In other cases, sensitive information about habits, sexual preferences, and illegal behavior have been revealed. In the case of one of the affair-seeking websites that was breached, individual users got divorced, had their reputation severely harmed, and in extreme cases – committed suicide. This example of a breach is one of the most extreme in terms of the sensitivity of the data.

Usually, even though data breaches receive a lot of media attention, individual users do not have many ways to protect their identity, and even if they do have a way to protect it, they neglect to do so; this is often referred to as the “privacy paradox“. This might be for several reasons: optimism bias, laziness, uncertainty as to what can be done, and habituation (getting used) to data breaches. Measurement of changes to users’ engagement with companies is hard to achieve, following a data breach, and my research aims to solve this problem.

BD: Can you tell us more about your research?

DT: I have several projects on privacy; one of them focuses on the consequences of the data breach on the affair-seeking website, as I mentioned. Another relevant one is on the positive and negative sides of data collection, specifically in marketing practices.

In a different stream of my research, I look at impression management. In one relevant project, I observe changes people make on online dating websites (not only those seeking an affair) and investigate the “optimization” they make to their appearance on the website. Some users change details such as date of birth, height, and ethnicity – which can clearly never change. It doesn’t mean they lie in order to deceive. Rather, there are several reasons that have been discovered – personal security, ability to hide personal information and “hold the cards”, and yes, also – desire to attract more.

BD: It seems like the main focus when it comes to data breaches is on financial losses rather than customer behavior. Can you comment on that?

DT: Most research on the consequences of a data breach focuses on the stock market valuation of companies that suffered a breach, and customer surveys. It is hard to measure actual changes in customer behavior, for two main reasons:

(1) Companies don’t easily provide data following such instances (very naturally so – they want to share less, and not more, data, after a data breach), and (2) it is hard to measure users’ reactions, especially when there’s no “control group” (i.e., usually, in a data breach, all users/customers of the company are affected, and there is no clear group that can be used for comparison).

BD: How do you deal with these constraints?

DT: We solve both of these problems by having a rich data set that we received directly from the company (under a Non-Disclosure Agreement, and only for academic purposes), and by using advanced quantitative and causal inference methods.

BD: Why are the “softer” effects being overlooked in your opinion?

DT: Some of the consequences of data breaches that I mentioned above – loss of privacy, reputation, etc., are hard to measure. Usually, it is easier to look at stock market valuation and assess what the damage is from there.

BD: Any idea on how to avoid such privacy violations?

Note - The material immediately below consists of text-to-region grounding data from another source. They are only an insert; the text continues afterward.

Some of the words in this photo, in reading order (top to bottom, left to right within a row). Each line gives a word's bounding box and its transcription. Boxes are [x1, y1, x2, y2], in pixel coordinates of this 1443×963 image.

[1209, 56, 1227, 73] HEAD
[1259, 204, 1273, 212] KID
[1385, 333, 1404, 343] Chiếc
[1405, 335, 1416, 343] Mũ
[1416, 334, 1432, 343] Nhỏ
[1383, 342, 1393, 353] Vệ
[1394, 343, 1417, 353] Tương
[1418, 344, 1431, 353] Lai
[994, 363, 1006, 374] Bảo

DT: The easiest thing is to collect only the data that is really needed and hold it for the least amount of time necessary. But even with data that is collected, companies should:

  •     – Update their security practices all the time
  •     – Encrypt every piece of the data, and obviously the sensitive parts of it
  •     – Grant access to only those who must access the data
  •     – If using third-party code:
  •         – Be sure to use it only if it is from a reputable source
  •         – If it is an open-source, use open source that is well maintained and validated
  •     – Data protection should be discussed from the very first step of product development
  •     – Apply advanced cybersecurity solutions and keep up-to-date with new solutions and technologies

 

The Key: Stay Protected

Data breaches can take a massive financial toll on businesses. What’s less known, is the tremendous negative impact these breaches have on individuals. Thanks to researchers like Dana Turjeman, we’re starting to find out more about the effects these breaches have.

A key takeaway is how imperative it is to ensure that all content and applications are secure. Organizations and individuals should make sure they are protected and deploy sophisticated solutions to deal with these advanced threats before it’s too late.

Read more
Perimeter-Based Security
Maor hizkiev
Maor hizkiev
2 minutes & 43 seconds read · April 8, 2019

Perimeter-Based Security: So You’re Saying You Detect The Malware After I Got It?

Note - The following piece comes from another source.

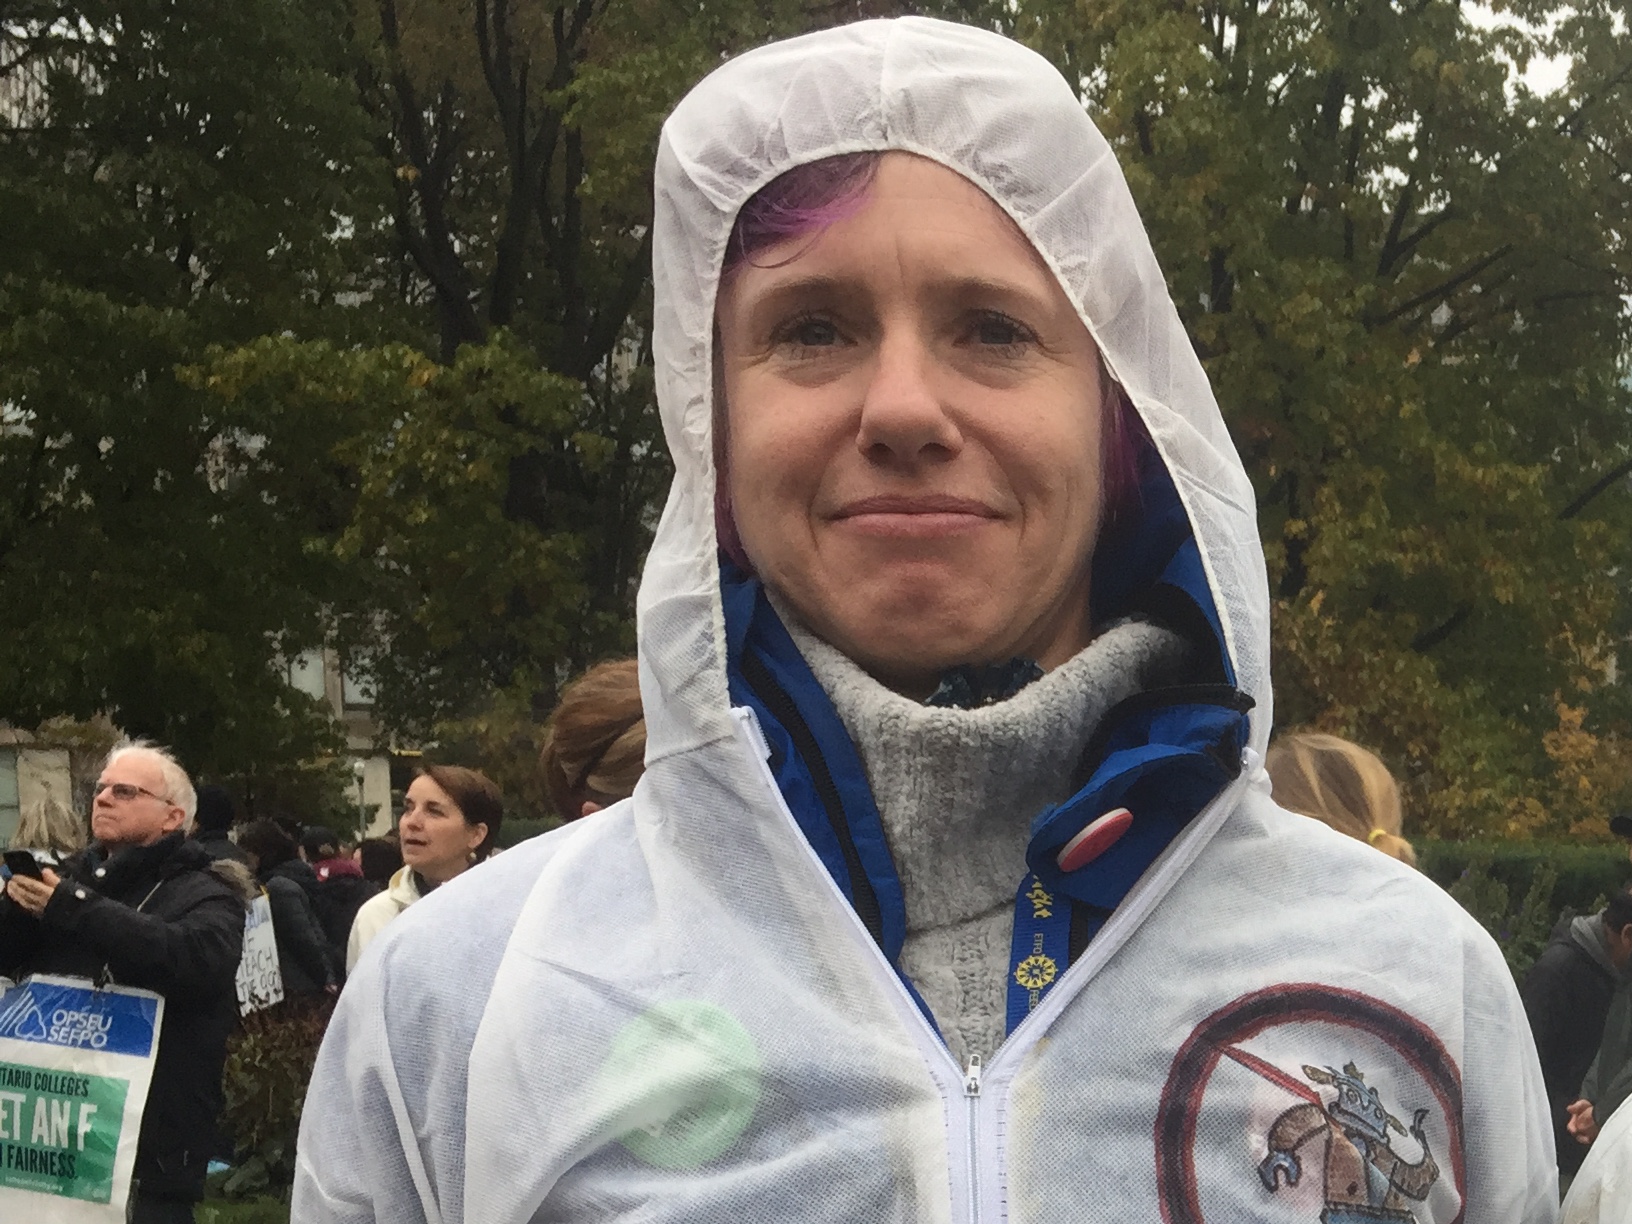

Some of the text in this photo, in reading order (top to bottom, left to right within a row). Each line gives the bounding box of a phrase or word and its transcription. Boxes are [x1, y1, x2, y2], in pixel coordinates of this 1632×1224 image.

[53, 1009, 113, 1032] OPSEU
[34, 1072, 89, 1098] COLLEGES
[31, 1096, 71, 1150] AN

If you read my previous blog then you already know that I like to dig into other vendors websites and marketing materials.

In this blog, I’d like to share with you another interesting aspect that I’ve learned about perimeter-based security solutions. Apparently, the bigger (and the smaller?) vendors claim that they constantly scan files or links, even after they were flagged as clean. The purpose of doing so is to lower the false negatives rate of the solution and alert on those threats retrospectively.

It does sound nice that you can be notified on a malicious file after it entered your organization, I mean, better late than never right? My claim is that it covers a much bigger problem in today’s detection engines.

Which files are scanned?

First, let’s look at it economically – constantly scanning all the files 7 days back sounds really expensive. So it is probably not something that is actually done as said, but it’s safe to assume that only a subset of those files is actually scanned. So how do they determine which files to scan? I’ll have an educated guess, and say that the subset is determined based on some characteristics, or maybe a low scoring that these files received. So, the question to ask now is “what about the files that are not falling into these categories?”. They are going undetected even a week after they have entered the organization.

Why didn’t you detect it a week ago?

Second, what does it actually mean that after a few days a vendor will suddenly detect a file? It means that they got new data on the file, whether it’s a list of recent malicious files that they received from a partner, a more significant statistics on that file, or that the malicious part in the file was triggered after a few days. Anyway, at the end of the day, it means that they weren’t good enough to detect the file on first sight. And more importantly, it means that you as an organization was exposed to this malicious file, and hey, it might be too late.

From our experience and data that we see at our customers, the time it takes for a vendor to update its solutions, ranges from 1 day to 12 days. The importance of detecting the threats on first sight is becoming THE purpose of cyber security today. Attackers are aware of that gap and taking advantage of it, so they are using an attack just like a disposable plate – after a short use, they throw it away, and recycling it to something brand new which most solutions can’t detect.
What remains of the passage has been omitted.